Stored data:
=== Begin Enclosure ===
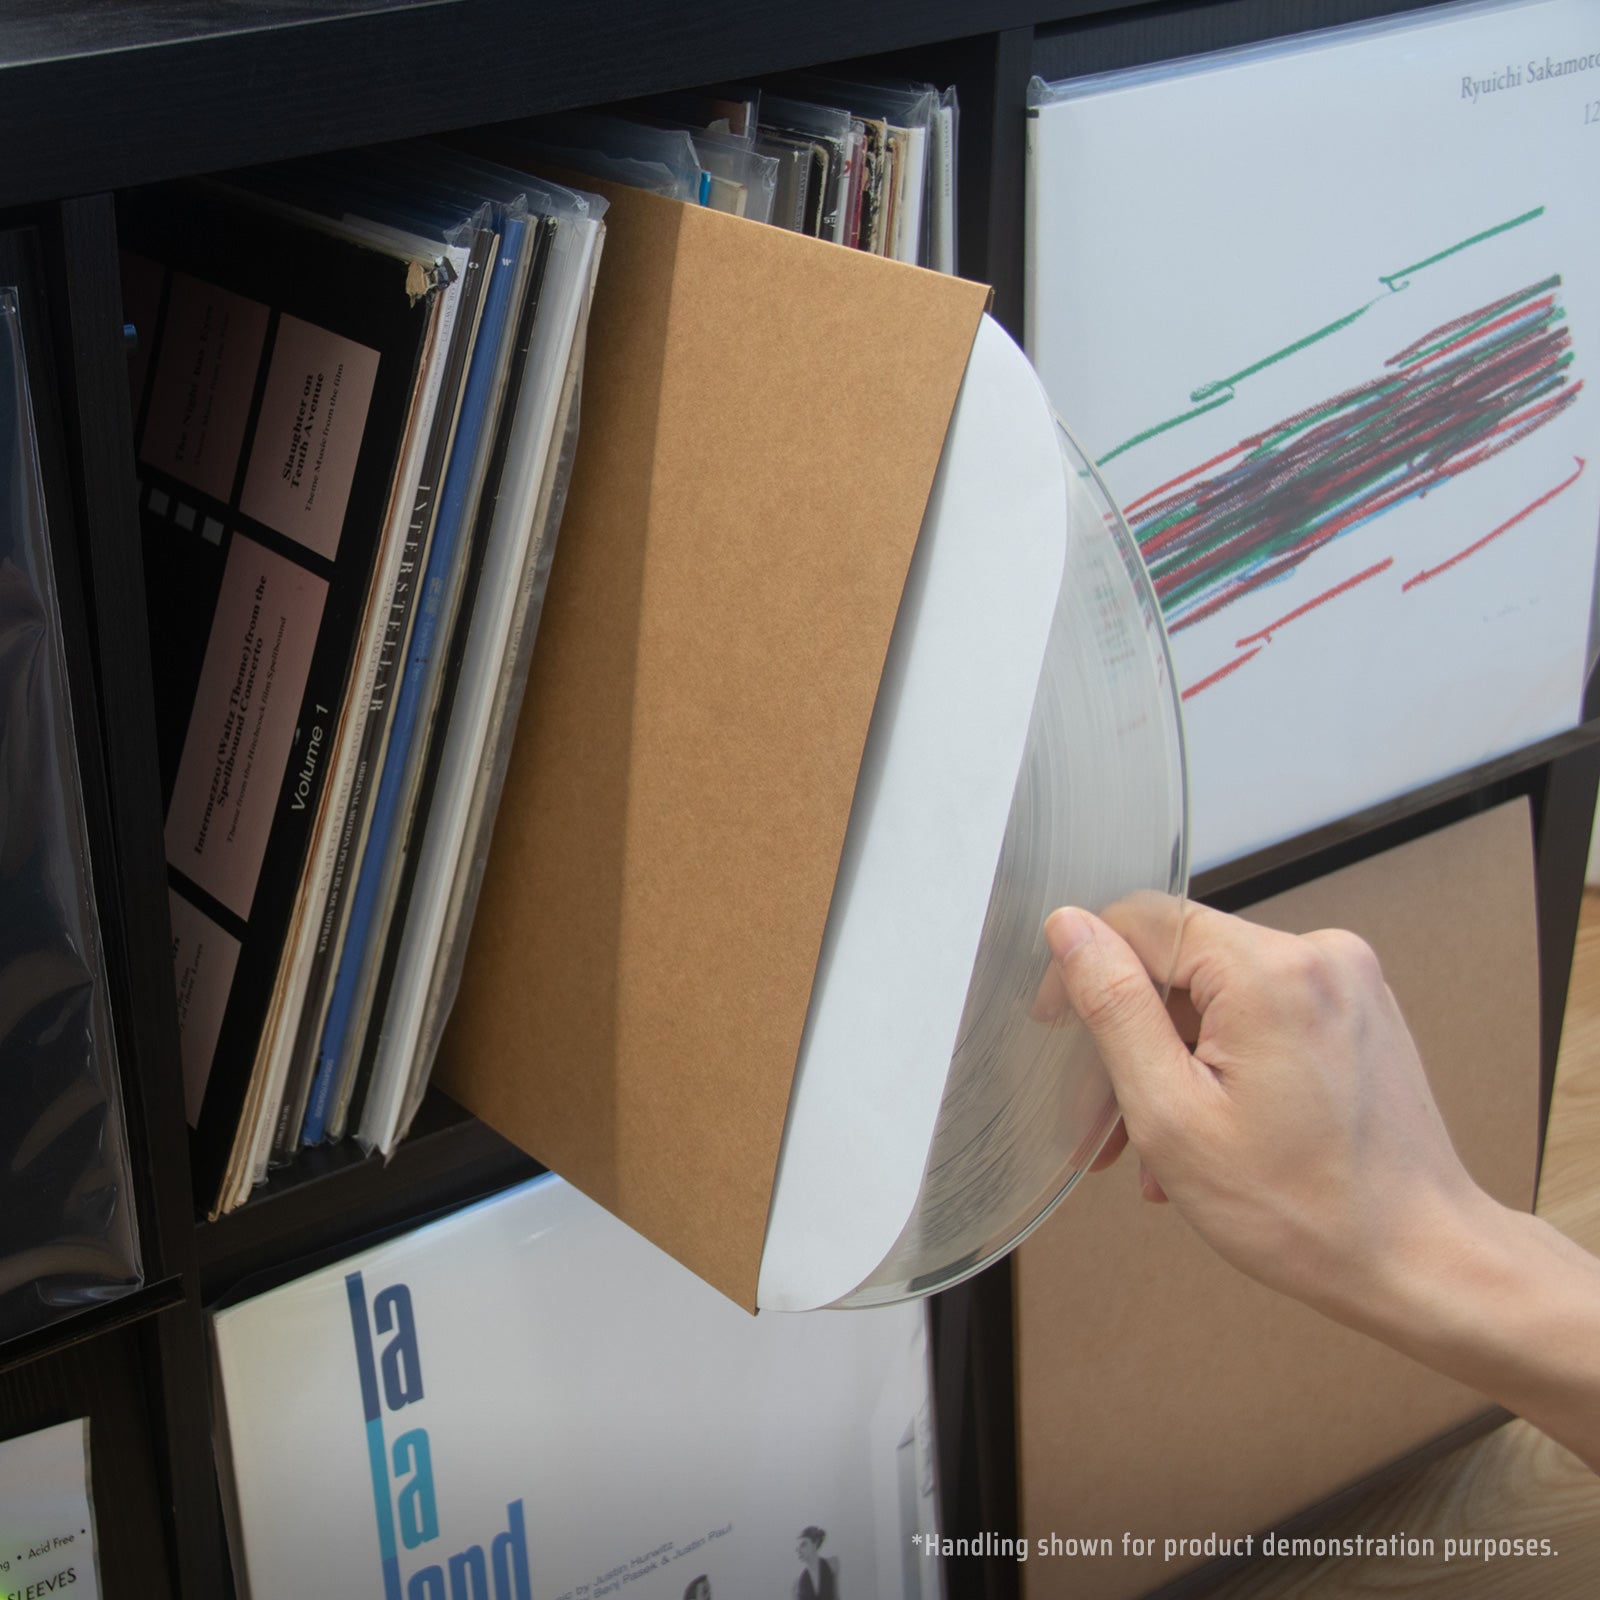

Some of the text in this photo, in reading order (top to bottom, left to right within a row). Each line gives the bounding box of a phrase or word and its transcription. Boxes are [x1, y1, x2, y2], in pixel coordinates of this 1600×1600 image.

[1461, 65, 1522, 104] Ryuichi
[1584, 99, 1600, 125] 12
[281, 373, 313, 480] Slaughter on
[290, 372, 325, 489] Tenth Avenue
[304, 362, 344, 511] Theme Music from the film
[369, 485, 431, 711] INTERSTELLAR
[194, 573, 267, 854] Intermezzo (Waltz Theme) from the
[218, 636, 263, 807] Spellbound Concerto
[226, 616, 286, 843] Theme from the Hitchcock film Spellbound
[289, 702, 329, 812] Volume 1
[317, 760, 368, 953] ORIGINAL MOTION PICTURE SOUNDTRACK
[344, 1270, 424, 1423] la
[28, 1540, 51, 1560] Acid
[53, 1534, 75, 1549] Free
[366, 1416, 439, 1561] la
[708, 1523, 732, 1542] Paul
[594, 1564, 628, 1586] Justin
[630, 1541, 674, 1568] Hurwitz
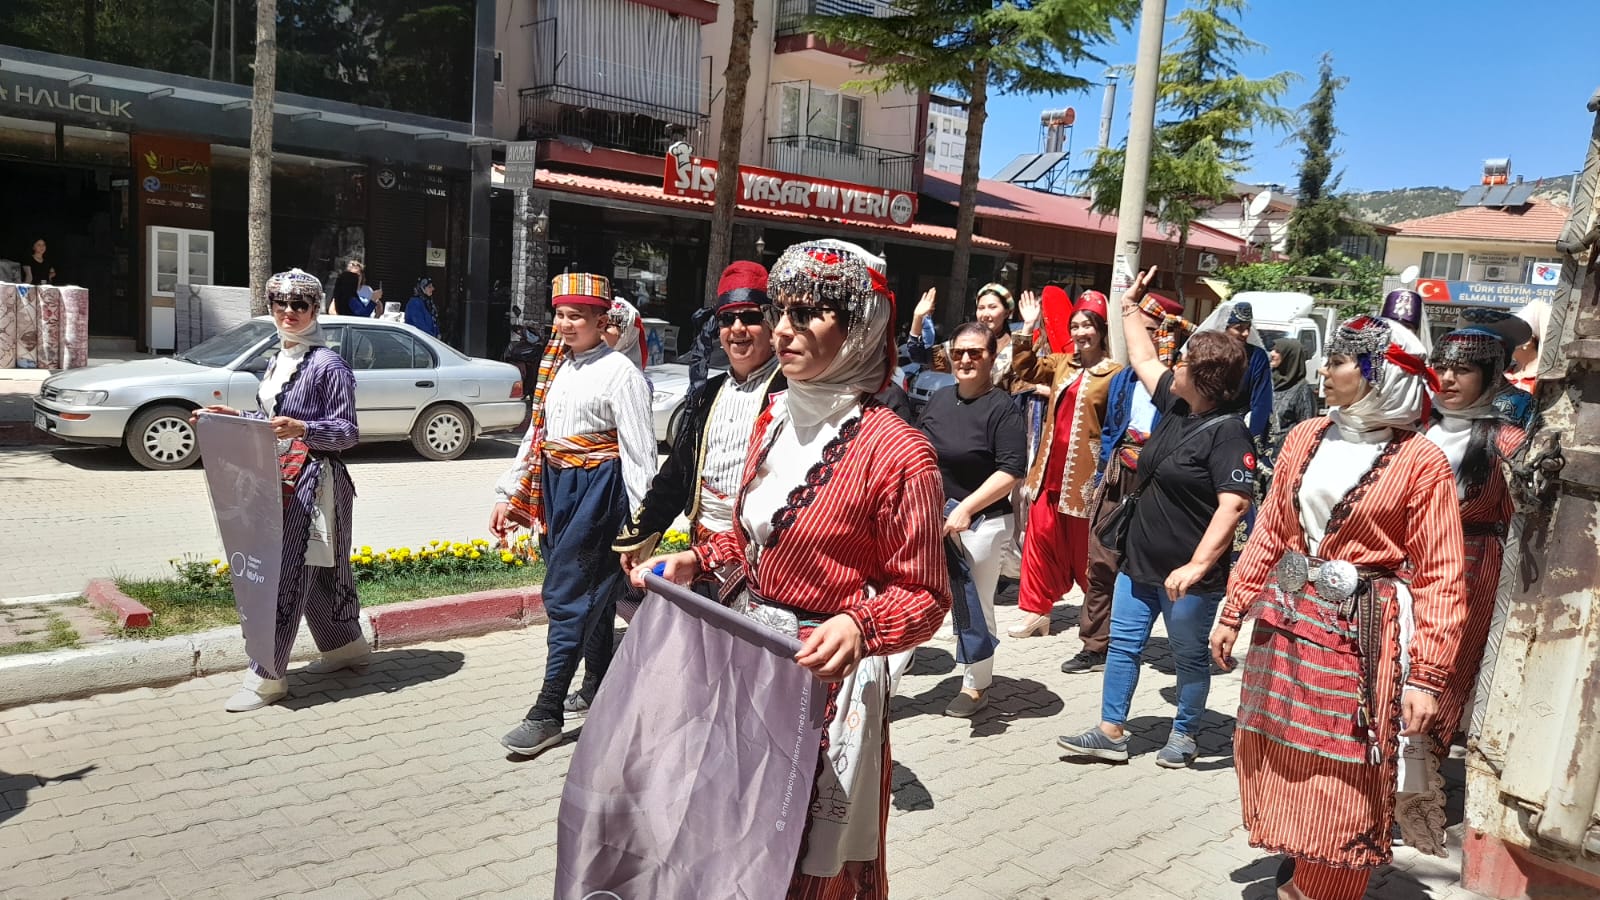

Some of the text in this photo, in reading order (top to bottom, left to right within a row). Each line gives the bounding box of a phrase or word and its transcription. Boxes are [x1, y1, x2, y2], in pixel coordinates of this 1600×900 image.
=== End Enclosure ===
#### WHAT IS EXPECTED:
The records must be copied with no word altered, and without their pictures.

#### TASK RESULT:
Some of the text in this photo, in reading order (top to bottom, left to right within a row). Each line gives the bounding box of a phrase or word and its transcription. Boxes are [x1, y1, x2, y2], in pixel coordinates of this 1600×1600 image.

[1461, 65, 1522, 104] Ryuichi
[1584, 99, 1600, 125] 12
[281, 373, 313, 480] Slaughter on
[290, 372, 325, 489] Tenth Avenue
[304, 362, 344, 511] Theme Music from the film
[369, 485, 431, 711] INTERSTELLAR
[194, 573, 267, 854] Intermezzo (Waltz Theme) from the
[218, 636, 263, 807] Spellbound Concerto
[226, 616, 286, 843] Theme from the Hitchcock film Spellbound
[289, 702, 329, 812] Volume 1
[317, 760, 368, 953] ORIGINAL MOTION PICTURE SOUNDTRACK
[344, 1270, 424, 1423] la
[28, 1540, 51, 1560] Acid
[53, 1534, 75, 1549] Free
[366, 1416, 439, 1561] la
[708, 1523, 732, 1542] Paul
[594, 1564, 628, 1586] Justin
[630, 1541, 674, 1568] Hurwitz

Some of the text in this photo, in reading order (top to bottom, left to right within a row). Each line gives the bounding box of a phrase or word and its transcription. Boxes are [x1, y1, x2, y2], in pixel coordinates of this 1600×900 image.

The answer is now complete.